Ces Notes n’ont pas été écrites pour être publiées. Elles sont donc – c’est si rare ! – véritablement intimes. Y faisant allusion dans La Neige qui brûle (il n’y a que deux ans de cela), Raymond Escholier disait encore : « Ces Notes doivent demeurer secrètes. » Marie Noël les écrivit pour tenter de voir clair dans ses états intérieurs. Elle souhaita d’abord les lire à son conseiller spirituel, l’abbé Mugnier, mais « en confession ». « Dans ces Notes, lui dit-elle, il n’y a que moi. Moi devant moi, comme si j’étais seule au monde. » L’abbé l’engagea à persévérer, lui faisant entrevoir le soulagement qu’y pourraient trouver des incroyants, et aussi des croyants à l’âme troublée. Un autre confident, Édouard Estaunié, trancha : vos Notes sont « aussi belles » que vos vers. C’était en 1933. Jusqu’à hier encore, nous venons de le voir, toute idée de publication fut farouchement écartée. Et puis, tout d’un coup, Marie Noël a cédé. Comme elle a eu raison !
Voici l’un des livres les plus vrais que je connaisse. Une vie – notre vie à tous – s’y reflète, avec ses jours de soleil et ses temps de pluie, ses larmes et ses sourires, son ciel, son purgatoire, son enfer aussi. Non, ne vous attendez pas à un sérieux trop constant. Une malice gauloise, et j’allais dire gaillarde, une malice d’enfant, mais d’enfant terrible, dégonfle le pathétique, dès qu’une sottise y montre le bout du nez. Continuité de la tradition française ! Voltaire est trop sec, Rabelais trop épais, et leur rire ne sonne qu’en surface. On pense à un Montaigne, d’esprit aussi délié mais moins flottant, et que le tragique de l’existence eût blessé et fixé. Citez-moi un écrivain de chez nous qui ait aussi bien gardé le naturel dans le surnaturel. J’allais oublier la grâce – non dépourvue d’astuce – de la femme ; et l’art de charmer les mots ; et cette ronde des phrases, toujours simplement vêtues, mais qui se tiennent par la main et qu’enlève un rythme où rien ne cloche ni ne pèse.

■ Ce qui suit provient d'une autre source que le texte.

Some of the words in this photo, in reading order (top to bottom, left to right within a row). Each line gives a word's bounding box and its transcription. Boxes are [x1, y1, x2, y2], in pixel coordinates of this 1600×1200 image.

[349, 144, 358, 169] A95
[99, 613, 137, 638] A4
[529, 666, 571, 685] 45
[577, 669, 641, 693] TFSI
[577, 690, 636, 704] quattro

Le recueil est dédié : « Aux âmes troublées. » Mais l’auteur n’est pas sans appréhension. Devant les « audaces » de sa pensée, qui ne comprend son inquiétude ? Ne vais-je pas, dit-elle, troubler ceux qui ne le sont pas ? Répandre mon doute comme une contagion ? « Ce n’est pas, conclut-elle, une lecture pour tous. »
Tout le charme que j’avais, toute ma grâce de Dieu, je l’ai donnée dans mes chansons.

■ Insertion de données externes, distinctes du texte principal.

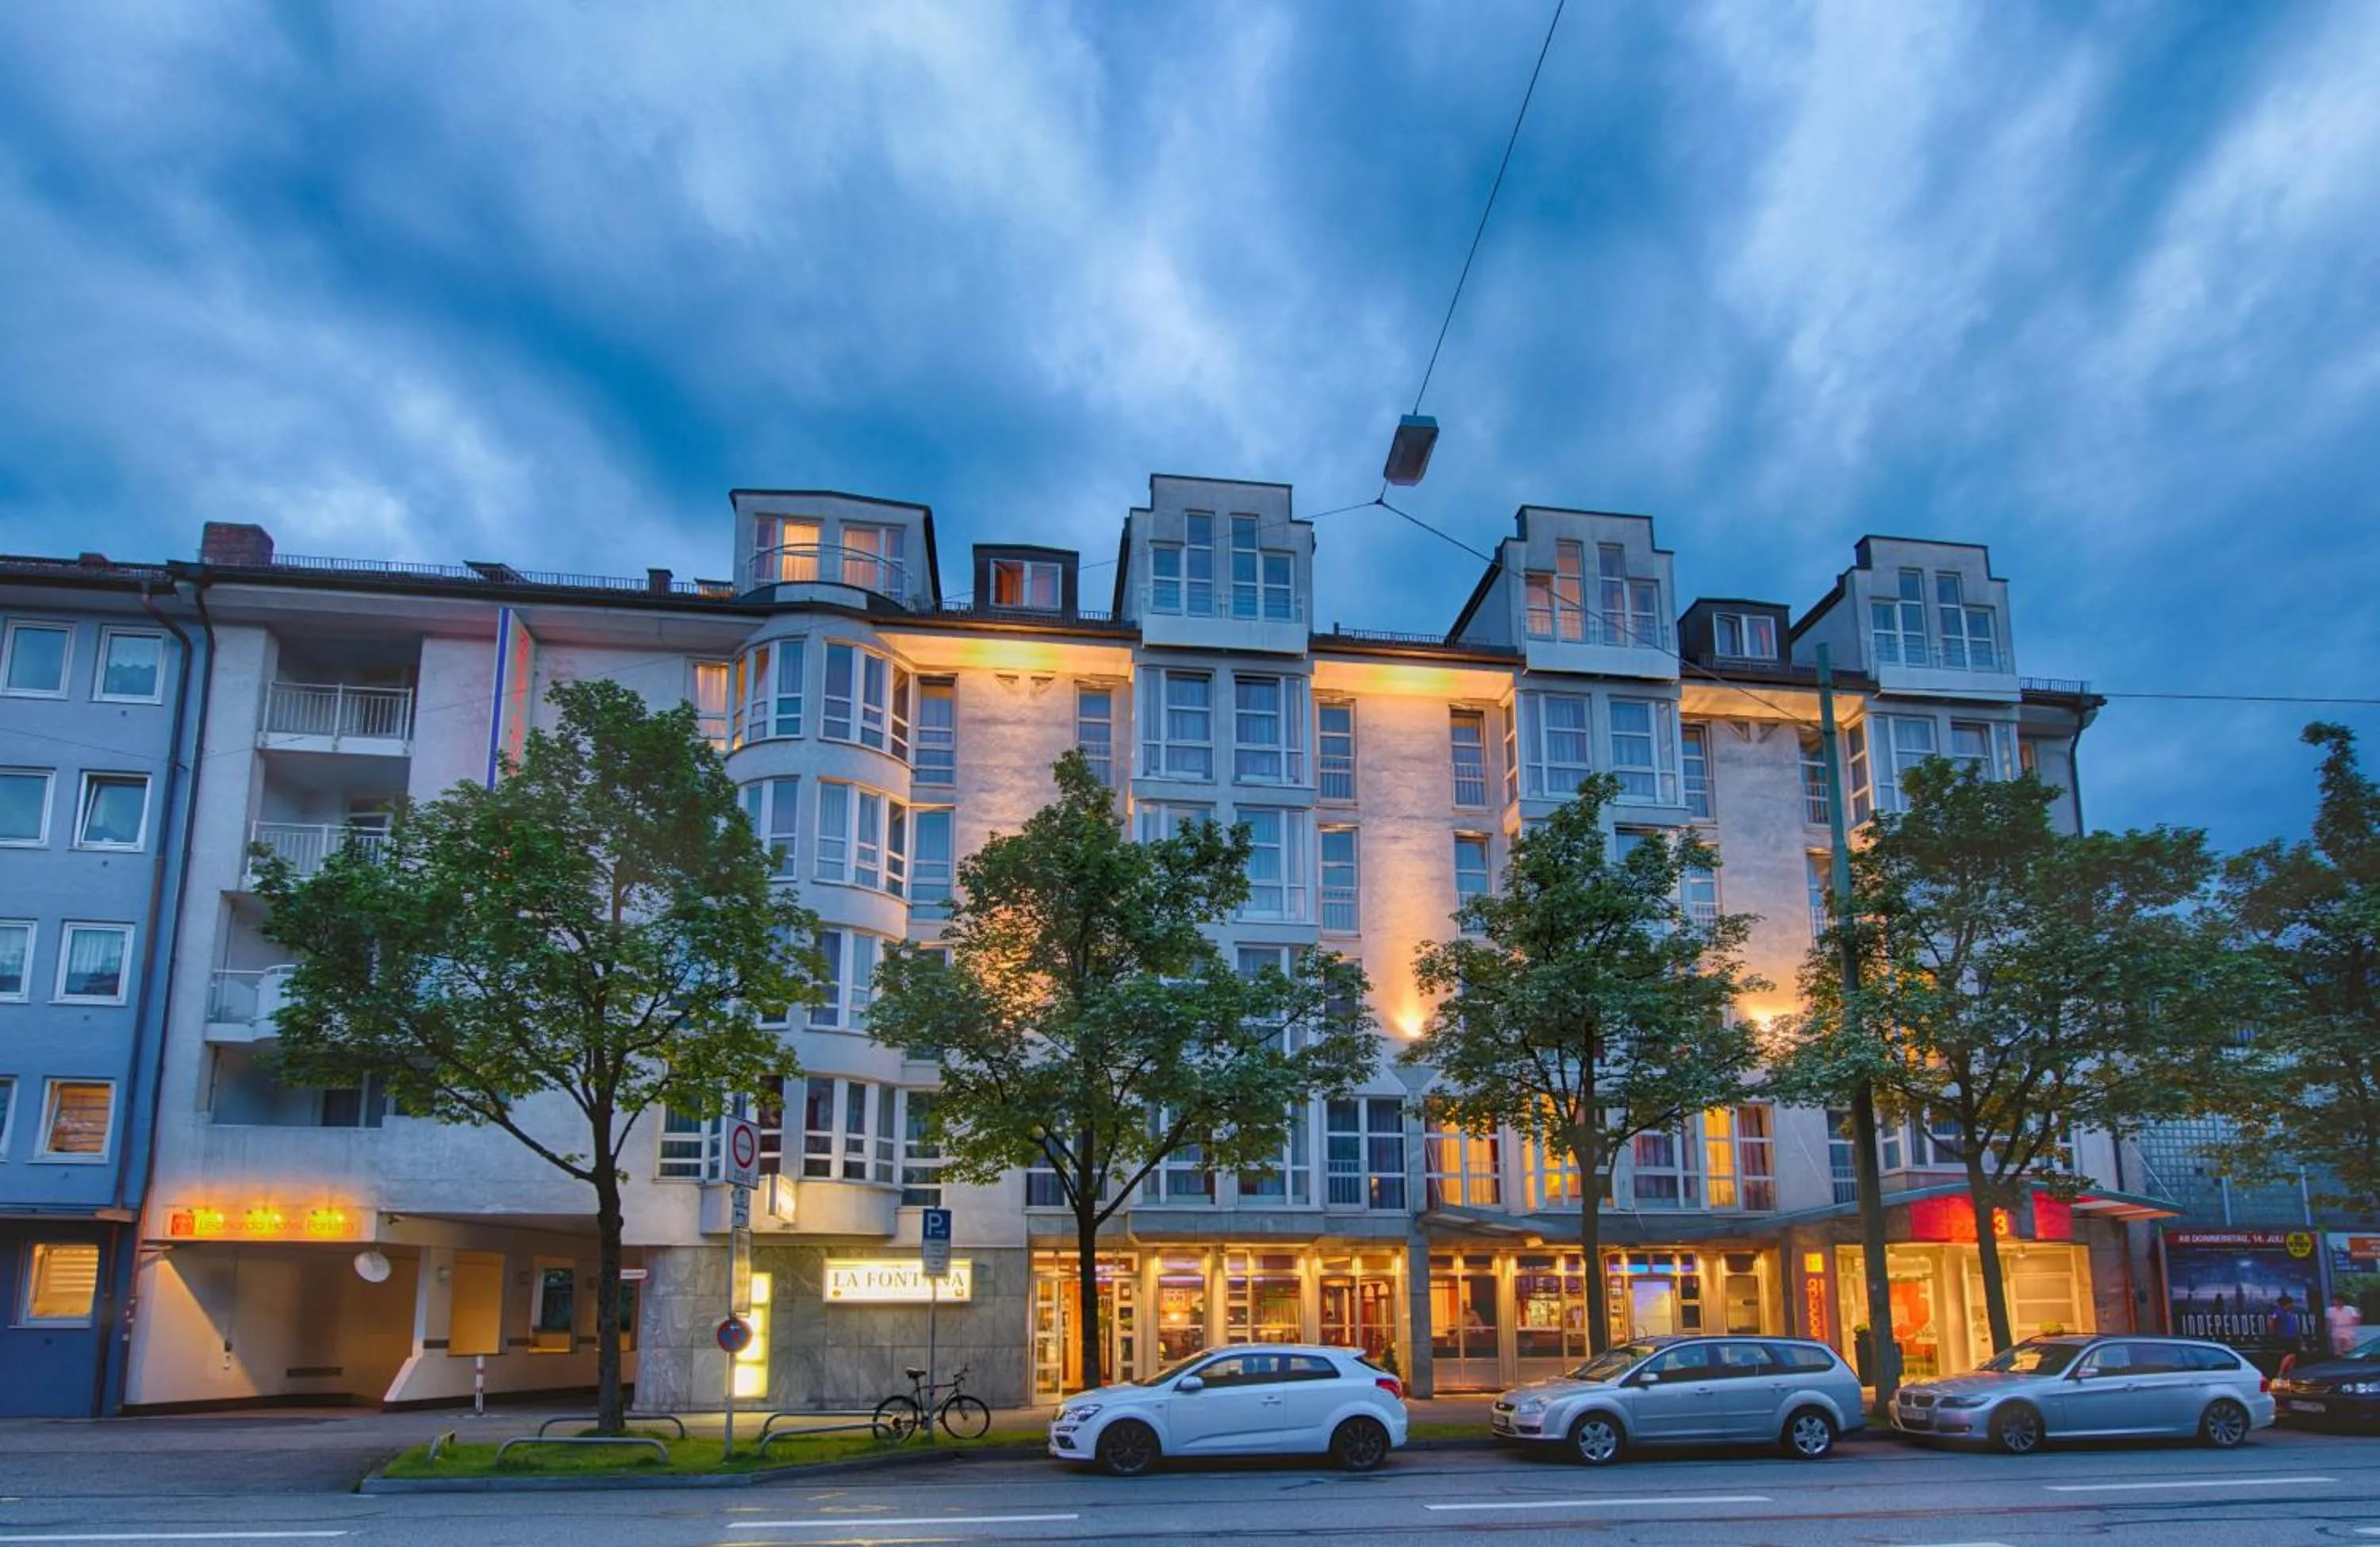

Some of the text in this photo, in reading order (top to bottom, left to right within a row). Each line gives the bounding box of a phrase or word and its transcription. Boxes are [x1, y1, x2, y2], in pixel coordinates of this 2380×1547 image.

[927, 1212, 942, 1236] P
[834, 1272, 858, 1288] LA
[2182, 1314, 2267, 1335] INDEPENDEN

Ici, dans ces notes, je jette tout ce que j’ai de mauvais comme dans un coin secret de derrière la maison,
Ce que j’ai de dur, de sec, de trop lucide, les cailloux aigus de ma pensée qu’il me faut casser un à un pour me délivrer de leur pointe...
Toute ma vie j’ai gardé les mauvais secrets de mon esprit et je n’ai fait, je crois, de mal à personne. Je ne voudrais pas en faire après ma mort et je crie à ceux qui trouveront ces feuilles :
Gardez-vous de moi !
De parti pris, je ne retiendrai de ces Notes que cet aspect à première vue déconcertant : une si bonne paroissienne s’exprimant parfois comme la plus « libre » des « penseuses ». Quoi ? cousinerait-elle avec Paul Bert, son très « laïc » compatriote dont la massive statue écrase le pont de l’Yonne et paraît défier tous les clochers d’Auxerre ? Mais non. Infiniment plus hardies, ses audaces à elle ne pèsent pas, n’écrasent rien ni personne. Entre terre et ciel elles prennent leur envol..., elles volent... ; elles vont se perdre dans le noir, puis dans le clair de Dieu. Rassurez-vous, Marie Noël : apaisant les troublés, troublant les dormeurs, votre livre est vraiment une lecture pour tous.
⁂
Liberté : tel est peut-être le mot-clef de cette vie si bien recluse. Nativement, par l’élan le plus irrépressible de sa nature, Marie Noël aspire à la liberté sous toutes ses formes : physique, intellectuelle, spirituelle. Horreur des clôtures, barrières, limites et interdits. Elle aime – elle est – la chèvre indisciplinée qui (en rêve !) fausse compagnie au troupeau, et gagne les hauteurs dangereuses pour y respirer un air irrespiré. À cet être libre, tout ordre imposé fait d’abord scandale.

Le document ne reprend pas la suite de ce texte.